Customization per Cluster

To demonstrate how to deploy Kubernetes manifests across different clusters with customization using Fleet, we will use multi-cluster/helm/fleet.yaml.

Situation: User has three clusters with three different labels: env=dev, env=test, and env=prod. User wants to deploy a frontend application with a backend database across these clusters.

Expected behavior:

  • After deploying to the dev cluster, database replication is not enabled.
  • After deploying to the test cluster, database replication is enabled.
  • After deploying to the prod cluster, database replication is enabled and Load balancer services are exposed.

Advantage of Fleet:

Instead of deploying the app on each cluster, Fleet allows you to deploy across all clusters following these steps:

  1. Deploy gitRepo https://github.com/rancher/fleet-examples.git and specify the path multi-cluster/helm.
  2. Under multi-cluster/helm, a Helm chart will deploy the frontend app service and backend database service.
  3. The following rule will be defined in fleet.yaml:
  1. targetCustomizations:
  2. - name: dev
  3. helm:
  4. values:
  5. replication: false
  6. clusterSelector:
  7. matchLabels:
  8. env: dev
  9. - name: test
  10. helm:
  11. values:
  12. replicas: 3
  13. clusterSelector:
  14. matchLabels:
  15. env: test
  16. - name: prod
  17. helm:
  18. values:
  19. serviceType: LoadBalancer
  20. replicas: 3
  21. clusterSelector:
  22. matchLabels:
  23. env: prod

Result:

Fleet will deploy the Helm chart with your customized values.yaml to the different clusters.

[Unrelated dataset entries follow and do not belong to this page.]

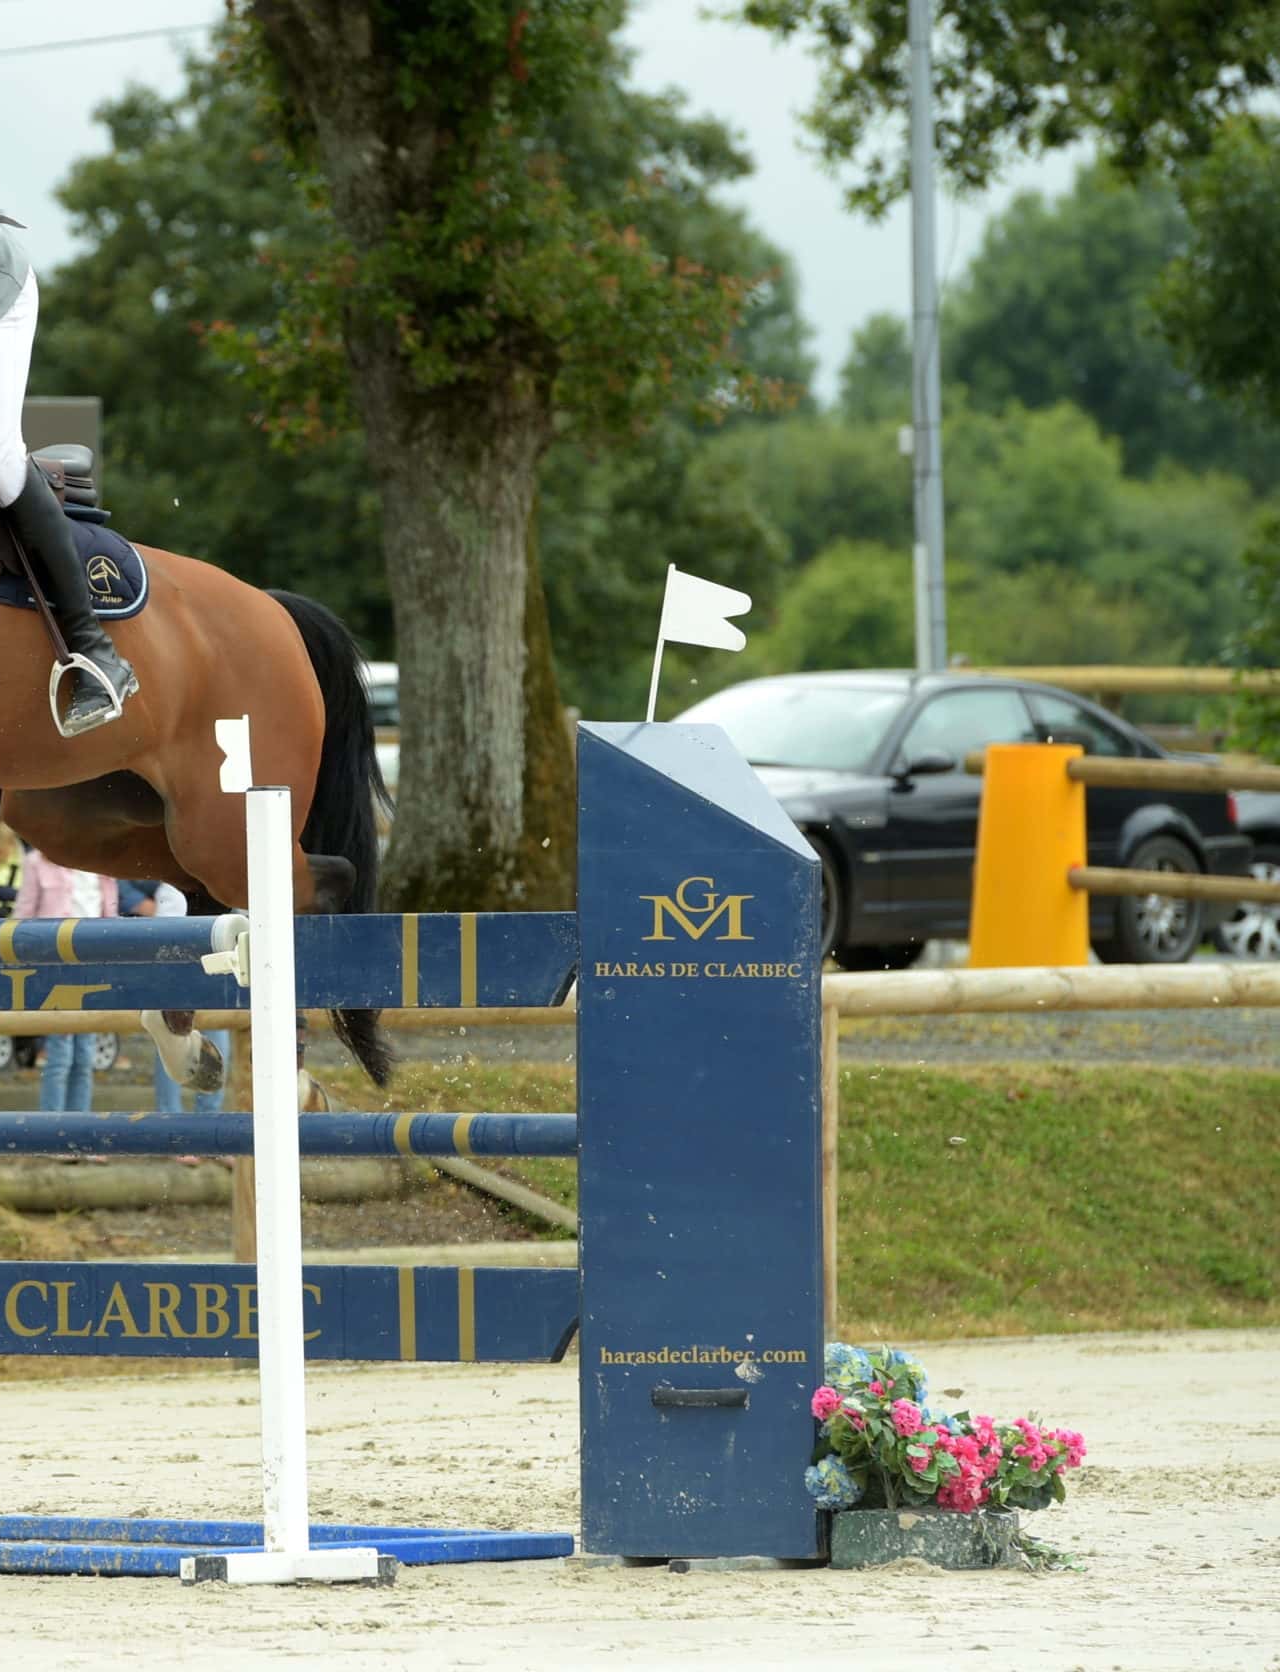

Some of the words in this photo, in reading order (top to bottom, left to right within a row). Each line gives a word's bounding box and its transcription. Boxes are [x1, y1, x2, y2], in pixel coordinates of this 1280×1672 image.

[595, 962, 665, 978] HARAS
[671, 962, 698, 978] DE
[704, 962, 802, 978] CLARBEC
[600, 1345, 807, 1364] harasdeclarbec.com
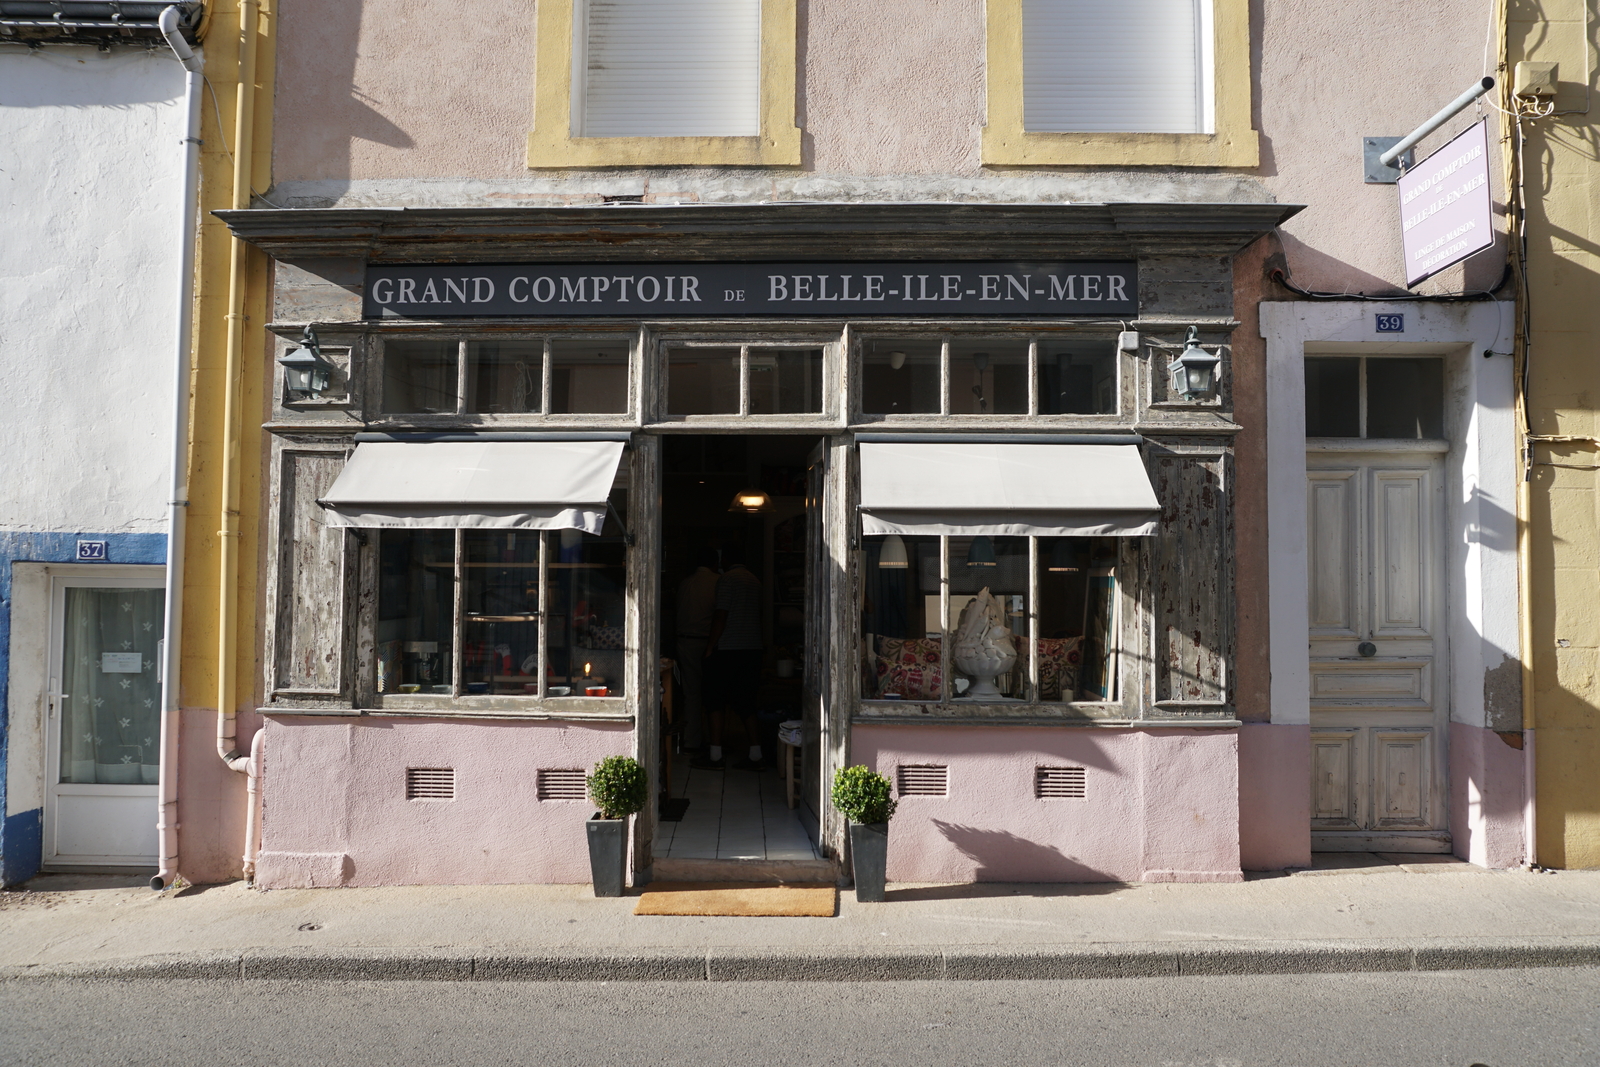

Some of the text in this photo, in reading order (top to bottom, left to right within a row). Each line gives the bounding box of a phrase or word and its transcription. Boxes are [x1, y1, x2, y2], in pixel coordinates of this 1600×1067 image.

[1403, 145, 1482, 205] GRAND COMPTOIR
[1435, 184, 1444, 195] DE
[1403, 173, 1486, 233] BELLE-ILE-EN-MER
[1414, 219, 1476, 261] LINGE DE MAISON
[1422, 238, 1468, 271] DÉCORATION
[372, 274, 1130, 304] GRAND COMPTOIR DE BELLE-ILE-EN-MER
[1380, 316, 1400, 330] 39
[81, 543, 101, 557] 37
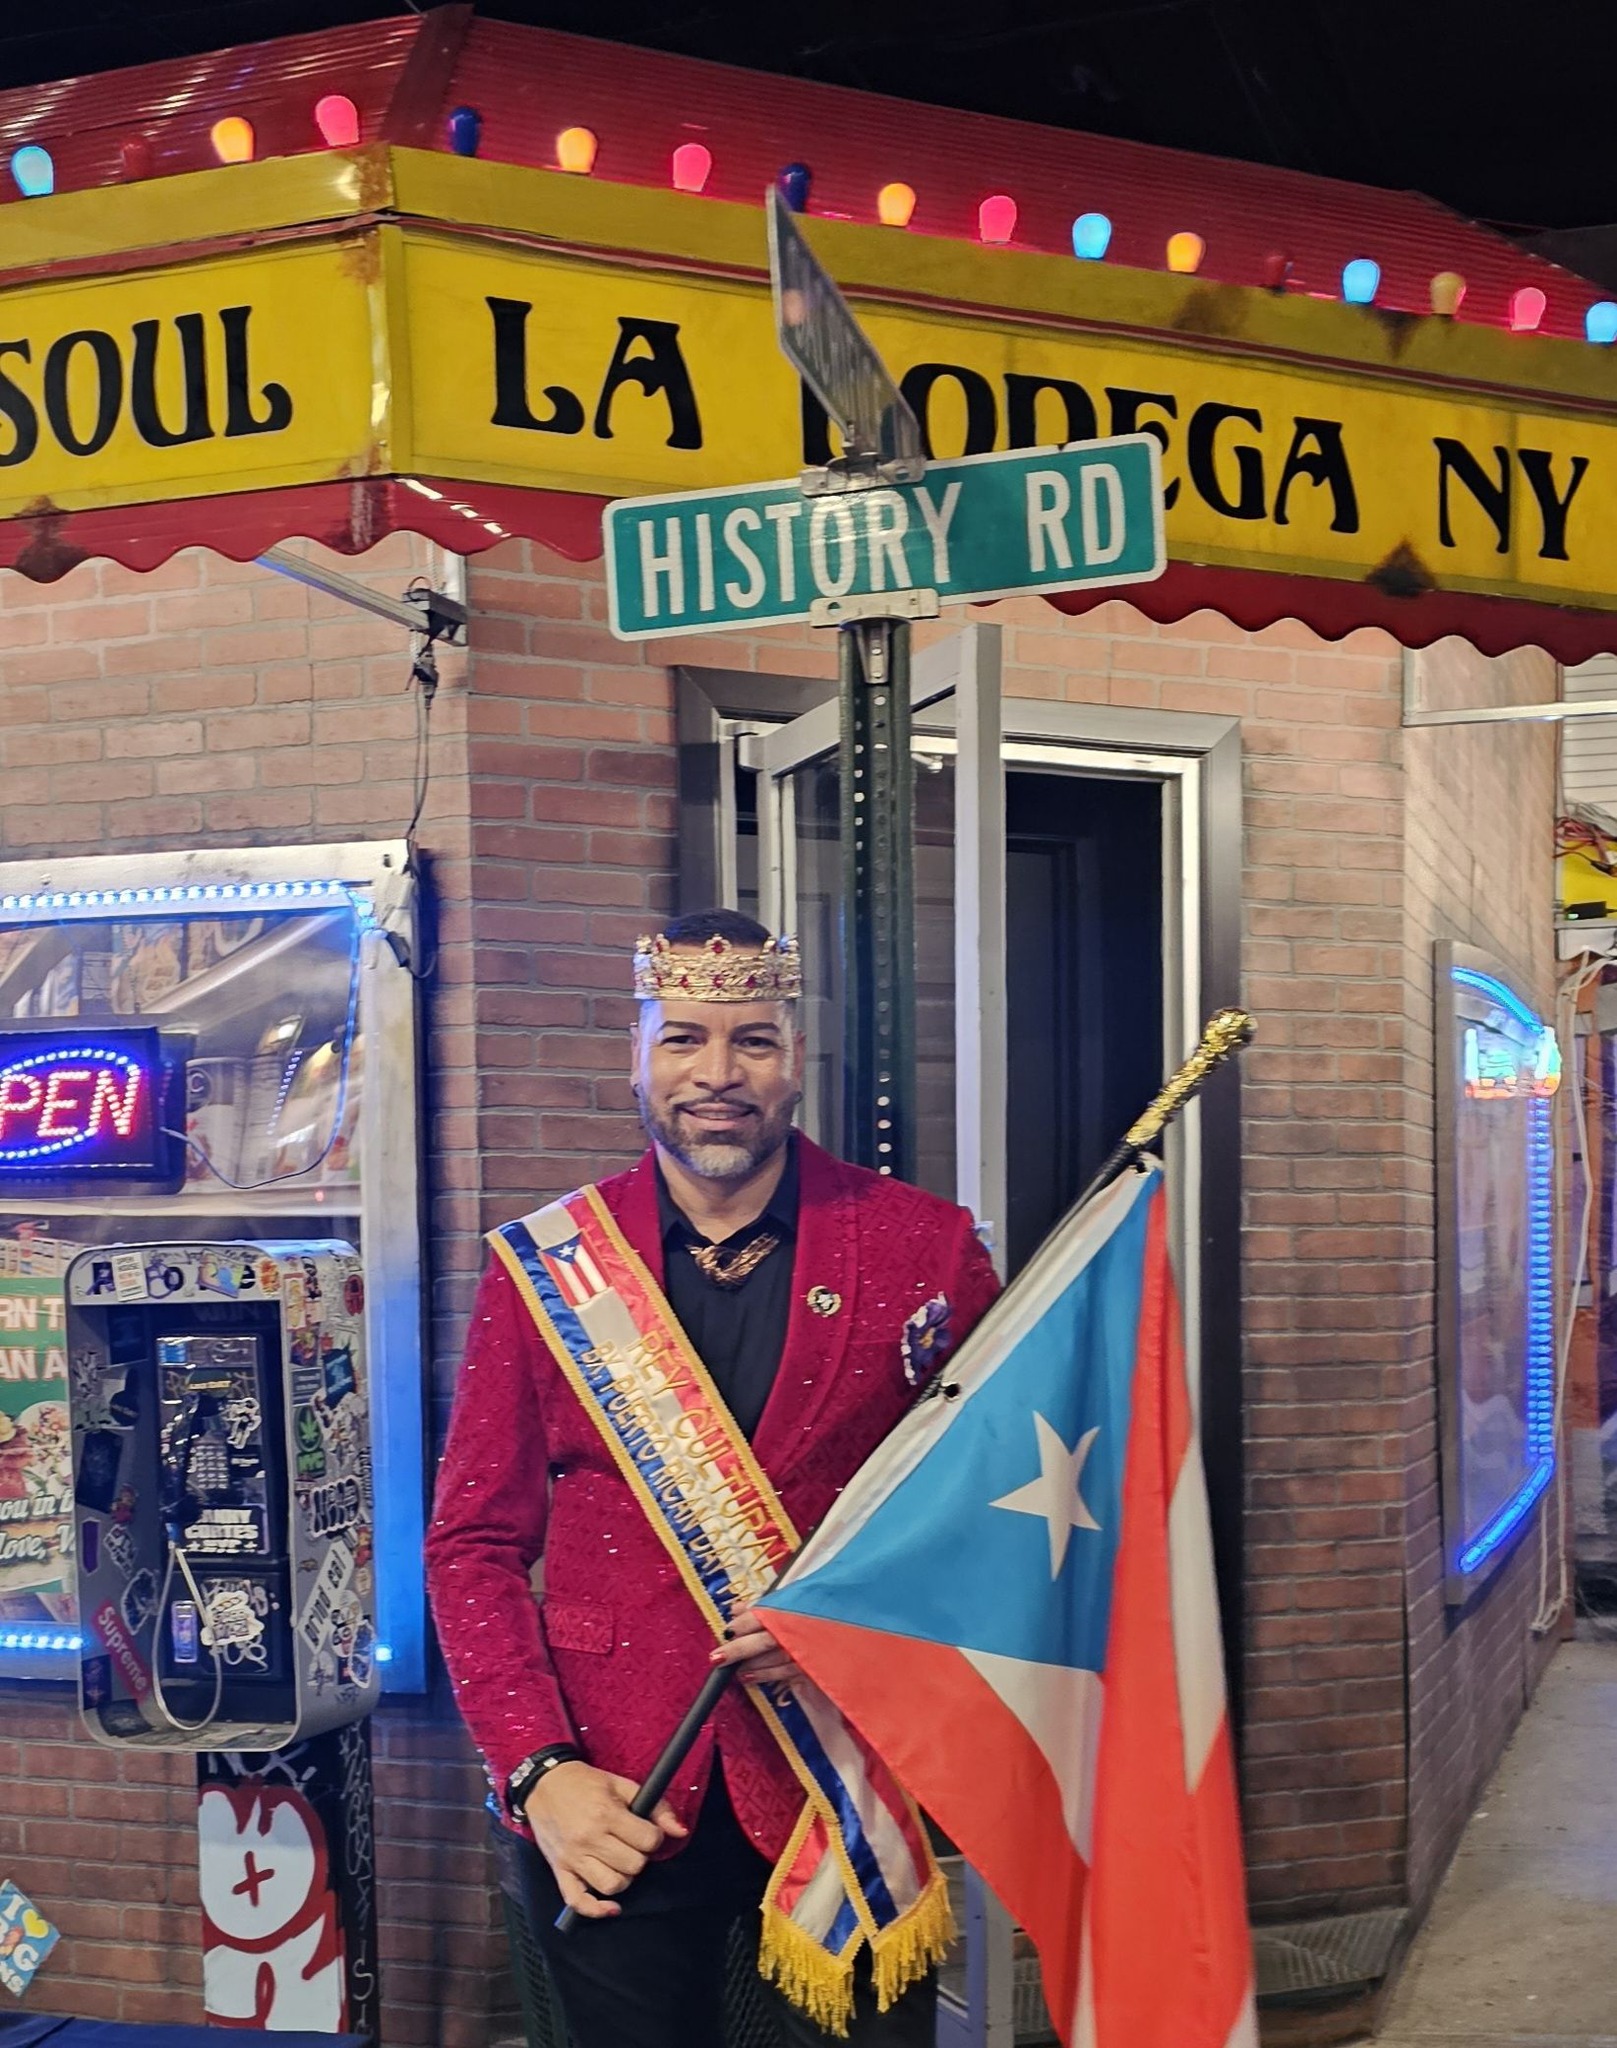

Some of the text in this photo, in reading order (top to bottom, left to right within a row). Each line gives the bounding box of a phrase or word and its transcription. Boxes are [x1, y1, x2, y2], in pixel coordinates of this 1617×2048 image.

[486, 296, 703, 450] LA
[1433, 437, 1590, 561] NY
[639, 463, 1126, 618] HISTORY RD
[33, 1489, 56, 1516] in
[600, 1374, 672, 1461] PUERTO
[651, 1461, 708, 1532] RICAN
[690, 1531, 735, 1576] DAY
[628, 1332, 786, 1585] REY CULTURAL
[97, 1605, 148, 1690] Supreme

Note: Configuration management is not limited to deployments but can be expanded to general configuration management. Fleet is able to apply configuration management through customization among any set of clusters automatically.

Mapping to Downstream Clusters - 图2important information

Overriding the version of a Helm chart via target customizations will lead to bundles containing all versions, ie the default one and the custom one(s), of the chart, to accommodate all clusters. This in turn means that Fleet will deploy larger bundles.

As Fleet stores bundles via etcd, this may cause issues on some clusters where resultant bundle sizes may exceed etcd’s configured maximum blob size. See this issue for more details.

Additional Examples

Examples using raw Kubernetes YAML, Helm charts, Kustomize, and combinations of the three are in the Fleet Examples repo.